Top of Dataset extract

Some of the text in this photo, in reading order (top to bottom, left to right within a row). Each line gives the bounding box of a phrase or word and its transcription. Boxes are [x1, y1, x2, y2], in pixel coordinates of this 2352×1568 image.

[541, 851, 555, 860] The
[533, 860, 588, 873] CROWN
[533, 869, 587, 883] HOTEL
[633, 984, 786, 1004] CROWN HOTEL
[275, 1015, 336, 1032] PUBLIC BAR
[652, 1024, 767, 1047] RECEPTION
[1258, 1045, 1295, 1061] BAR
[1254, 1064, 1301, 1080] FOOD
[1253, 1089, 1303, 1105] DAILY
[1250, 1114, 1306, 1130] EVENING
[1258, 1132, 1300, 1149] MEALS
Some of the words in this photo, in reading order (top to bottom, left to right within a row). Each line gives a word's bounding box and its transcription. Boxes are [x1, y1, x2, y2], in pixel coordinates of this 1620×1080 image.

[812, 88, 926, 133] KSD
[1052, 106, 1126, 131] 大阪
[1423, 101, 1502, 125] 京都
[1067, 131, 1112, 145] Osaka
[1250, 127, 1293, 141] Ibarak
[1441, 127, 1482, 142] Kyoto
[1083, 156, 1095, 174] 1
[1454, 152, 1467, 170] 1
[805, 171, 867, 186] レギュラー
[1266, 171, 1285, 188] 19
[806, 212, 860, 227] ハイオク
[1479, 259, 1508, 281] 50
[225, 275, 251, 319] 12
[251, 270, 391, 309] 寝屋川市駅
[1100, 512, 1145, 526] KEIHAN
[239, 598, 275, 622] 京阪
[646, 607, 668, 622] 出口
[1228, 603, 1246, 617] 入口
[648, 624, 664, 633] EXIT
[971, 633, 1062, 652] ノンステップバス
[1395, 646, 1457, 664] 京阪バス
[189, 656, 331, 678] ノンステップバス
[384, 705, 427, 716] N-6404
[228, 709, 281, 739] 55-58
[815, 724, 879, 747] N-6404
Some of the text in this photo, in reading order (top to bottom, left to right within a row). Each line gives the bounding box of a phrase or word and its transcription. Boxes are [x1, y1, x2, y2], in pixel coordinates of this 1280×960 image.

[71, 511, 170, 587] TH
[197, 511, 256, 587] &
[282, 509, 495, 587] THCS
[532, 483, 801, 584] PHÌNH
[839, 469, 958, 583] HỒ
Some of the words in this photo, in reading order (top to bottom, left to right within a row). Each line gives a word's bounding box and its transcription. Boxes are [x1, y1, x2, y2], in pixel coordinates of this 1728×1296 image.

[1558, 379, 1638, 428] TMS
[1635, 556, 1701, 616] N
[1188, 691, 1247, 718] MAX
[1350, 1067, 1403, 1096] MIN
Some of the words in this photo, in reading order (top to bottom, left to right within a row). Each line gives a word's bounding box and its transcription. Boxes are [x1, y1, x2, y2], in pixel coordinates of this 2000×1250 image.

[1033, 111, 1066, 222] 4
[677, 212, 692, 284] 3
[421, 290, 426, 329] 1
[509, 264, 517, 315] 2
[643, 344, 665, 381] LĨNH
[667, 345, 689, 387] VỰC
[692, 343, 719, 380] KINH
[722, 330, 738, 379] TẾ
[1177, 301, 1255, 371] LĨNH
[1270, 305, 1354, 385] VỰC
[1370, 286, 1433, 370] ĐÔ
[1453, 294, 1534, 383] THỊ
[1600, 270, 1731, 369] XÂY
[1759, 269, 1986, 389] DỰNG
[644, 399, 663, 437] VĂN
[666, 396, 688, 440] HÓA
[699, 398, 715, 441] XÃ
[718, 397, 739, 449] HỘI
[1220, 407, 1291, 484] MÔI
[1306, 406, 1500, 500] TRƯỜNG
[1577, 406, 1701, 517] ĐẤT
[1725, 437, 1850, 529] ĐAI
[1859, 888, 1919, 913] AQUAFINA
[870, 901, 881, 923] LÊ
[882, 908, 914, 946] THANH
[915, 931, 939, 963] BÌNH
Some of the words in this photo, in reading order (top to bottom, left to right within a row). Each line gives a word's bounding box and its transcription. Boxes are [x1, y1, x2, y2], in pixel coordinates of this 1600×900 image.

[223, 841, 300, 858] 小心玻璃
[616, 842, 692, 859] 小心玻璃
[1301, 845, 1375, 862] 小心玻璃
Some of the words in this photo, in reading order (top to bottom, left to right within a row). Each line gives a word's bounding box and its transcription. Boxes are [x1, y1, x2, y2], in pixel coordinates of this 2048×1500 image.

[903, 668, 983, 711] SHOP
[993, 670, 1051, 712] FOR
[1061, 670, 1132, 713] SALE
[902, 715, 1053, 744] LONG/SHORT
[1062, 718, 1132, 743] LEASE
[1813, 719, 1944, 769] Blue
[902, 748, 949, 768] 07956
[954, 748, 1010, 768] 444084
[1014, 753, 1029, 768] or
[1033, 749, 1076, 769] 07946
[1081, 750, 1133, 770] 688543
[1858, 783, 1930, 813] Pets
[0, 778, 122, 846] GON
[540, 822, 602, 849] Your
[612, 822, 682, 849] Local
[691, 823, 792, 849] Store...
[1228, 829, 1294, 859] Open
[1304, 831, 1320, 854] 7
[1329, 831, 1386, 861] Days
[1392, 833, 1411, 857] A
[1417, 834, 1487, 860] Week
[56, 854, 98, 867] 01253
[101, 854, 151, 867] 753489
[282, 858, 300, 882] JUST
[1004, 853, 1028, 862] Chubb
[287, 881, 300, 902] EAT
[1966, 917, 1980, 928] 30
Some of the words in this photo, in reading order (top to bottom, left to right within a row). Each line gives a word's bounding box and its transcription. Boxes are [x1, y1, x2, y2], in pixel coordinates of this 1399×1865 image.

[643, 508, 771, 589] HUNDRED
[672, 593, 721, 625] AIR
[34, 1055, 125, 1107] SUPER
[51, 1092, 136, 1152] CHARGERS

Bottom of Dataset extract

Without omitting anything, retype all of the material above exactly.

**Exercise answer:**
Some of the text in this photo, in reading order (top to bottom, left to right within a row). Each line gives the bounding box of a phrase or word and its transcription. Boxes are [x1, y1, x2, y2], in pixel coordinates of this 2352×1568 image.

[541, 851, 555, 860] The
[533, 860, 588, 873] CROWN
[533, 869, 587, 883] HOTEL
[633, 984, 786, 1004] CROWN HOTEL
[275, 1015, 336, 1032] PUBLIC BAR
[652, 1024, 767, 1047] RECEPTION
[1258, 1045, 1295, 1061] BAR
[1254, 1064, 1301, 1080] FOOD
[1253, 1089, 1303, 1105] DAILY
[1250, 1114, 1306, 1130] EVENING
[1258, 1132, 1300, 1149] MEALS
Some of the words in this photo, in reading order (top to bottom, left to right within a row). Each line gives a word's bounding box and its transcription. Boxes are [x1, y1, x2, y2], in pixel coordinates of this 1620×1080 image.

[812, 88, 926, 133] KSD
[1052, 106, 1126, 131] 大阪
[1423, 101, 1502, 125] 京都
[1067, 131, 1112, 145] Osaka
[1250, 127, 1293, 141] Ibarak
[1441, 127, 1482, 142] Kyoto
[1083, 156, 1095, 174] 1
[1454, 152, 1467, 170] 1
[805, 171, 867, 186] レギュラー
[1266, 171, 1285, 188] 19
[806, 212, 860, 227] ハイオク
[1479, 259, 1508, 281] 50
[225, 275, 251, 319] 12
[251, 270, 391, 309] 寝屋川市駅
[1100, 512, 1145, 526] KEIHAN
[239, 598, 275, 622] 京阪
[646, 607, 668, 622] 出口
[1228, 603, 1246, 617] 入口
[648, 624, 664, 633] EXIT
[971, 633, 1062, 652] ノンステップバス
[1395, 646, 1457, 664] 京阪バス
[189, 656, 331, 678] ノンステップバス
[384, 705, 427, 716] N-6404
[228, 709, 281, 739] 55-58
[815, 724, 879, 747] N-6404
Some of the text in this photo, in reading order (top to bottom, left to right within a row). Each line gives the bounding box of a phrase or word and its transcription. Boxes are [x1, y1, x2, y2], in pixel coordinates of this 1280×960 image.

[71, 511, 170, 587] TH
[197, 511, 256, 587] &
[282, 509, 495, 587] THCS
[532, 483, 801, 584] PHÌNH
[839, 469, 958, 583] HỒ
Some of the words in this photo, in reading order (top to bottom, left to right within a row). Each line gives a word's bounding box and its transcription. Boxes are [x1, y1, x2, y2], in pixel coordinates of this 1728×1296 image.

[1558, 379, 1638, 428] TMS
[1635, 556, 1701, 616] N
[1188, 691, 1247, 718] MAX
[1350, 1067, 1403, 1096] MIN
Some of the words in this photo, in reading order (top to bottom, left to right within a row). Each line gives a word's bounding box and its transcription. Boxes are [x1, y1, x2, y2], in pixel coordinates of this 2000×1250 image.

[1033, 111, 1066, 222] 4
[677, 212, 692, 284] 3
[421, 290, 426, 329] 1
[509, 264, 517, 315] 2
[643, 344, 665, 381] LĨNH
[667, 345, 689, 387] VỰC
[692, 343, 719, 380] KINH
[722, 330, 738, 379] TẾ
[1177, 301, 1255, 371] LĨNH
[1270, 305, 1354, 385] VỰC
[1370, 286, 1433, 370] ĐÔ
[1453, 294, 1534, 383] THỊ
[1600, 270, 1731, 369] XÂY
[1759, 269, 1986, 389] DỰNG
[644, 399, 663, 437] VĂN
[666, 396, 688, 440] HÓA
[699, 398, 715, 441] XÃ
[718, 397, 739, 449] HỘI
[1220, 407, 1291, 484] MÔI
[1306, 406, 1500, 500] TRƯỜNG
[1577, 406, 1701, 517] ĐẤT
[1725, 437, 1850, 529] ĐAI
[1859, 888, 1919, 913] AQUAFINA
[870, 901, 881, 923] LÊ
[882, 908, 914, 946] THANH
[915, 931, 939, 963] BÌNH
Some of the words in this photo, in reading order (top to bottom, left to right within a row). Each line gives a word's bounding box and its transcription. Boxes are [x1, y1, x2, y2], in pixel coordinates of this 1600×900 image.

[223, 841, 300, 858] 小心玻璃
[616, 842, 692, 859] 小心玻璃
[1301, 845, 1375, 862] 小心玻璃
Some of the words in this photo, in reading order (top to bottom, left to right within a row). Each line gives a word's bounding box and its transcription. Boxes are [x1, y1, x2, y2], in pixel coordinates of this 2048×1500 image.

[903, 668, 983, 711] SHOP
[993, 670, 1051, 712] FOR
[1061, 670, 1132, 713] SALE
[902, 715, 1053, 744] LONG/SHORT
[1062, 718, 1132, 743] LEASE
[1813, 719, 1944, 769] Blue
[902, 748, 949, 768] 07956
[954, 748, 1010, 768] 444084
[1014, 753, 1029, 768] or
[1033, 749, 1076, 769] 07946
[1081, 750, 1133, 770] 688543
[1858, 783, 1930, 813] Pets
[0, 778, 122, 846] GON
[540, 822, 602, 849] Your
[612, 822, 682, 849] Local
[691, 823, 792, 849] Store...
[1228, 829, 1294, 859] Open
[1304, 831, 1320, 854] 7
[1329, 831, 1386, 861] Days
[1392, 833, 1411, 857] A
[1417, 834, 1487, 860] Week
[56, 854, 98, 867] 01253
[101, 854, 151, 867] 753489
[282, 858, 300, 882] JUST
[1004, 853, 1028, 862] Chubb
[287, 881, 300, 902] EAT
[1966, 917, 1980, 928] 30
Some of the words in this photo, in reading order (top to bottom, left to right within a row). Each line gives a word's bounding box and its transcription. Boxes are [x1, y1, x2, y2], in pixel coordinates of this 1399×1865 image.

[643, 508, 771, 589] HUNDRED
[672, 593, 721, 625] AIR
[34, 1055, 125, 1107] SUPER
[51, 1092, 136, 1152] CHARGERS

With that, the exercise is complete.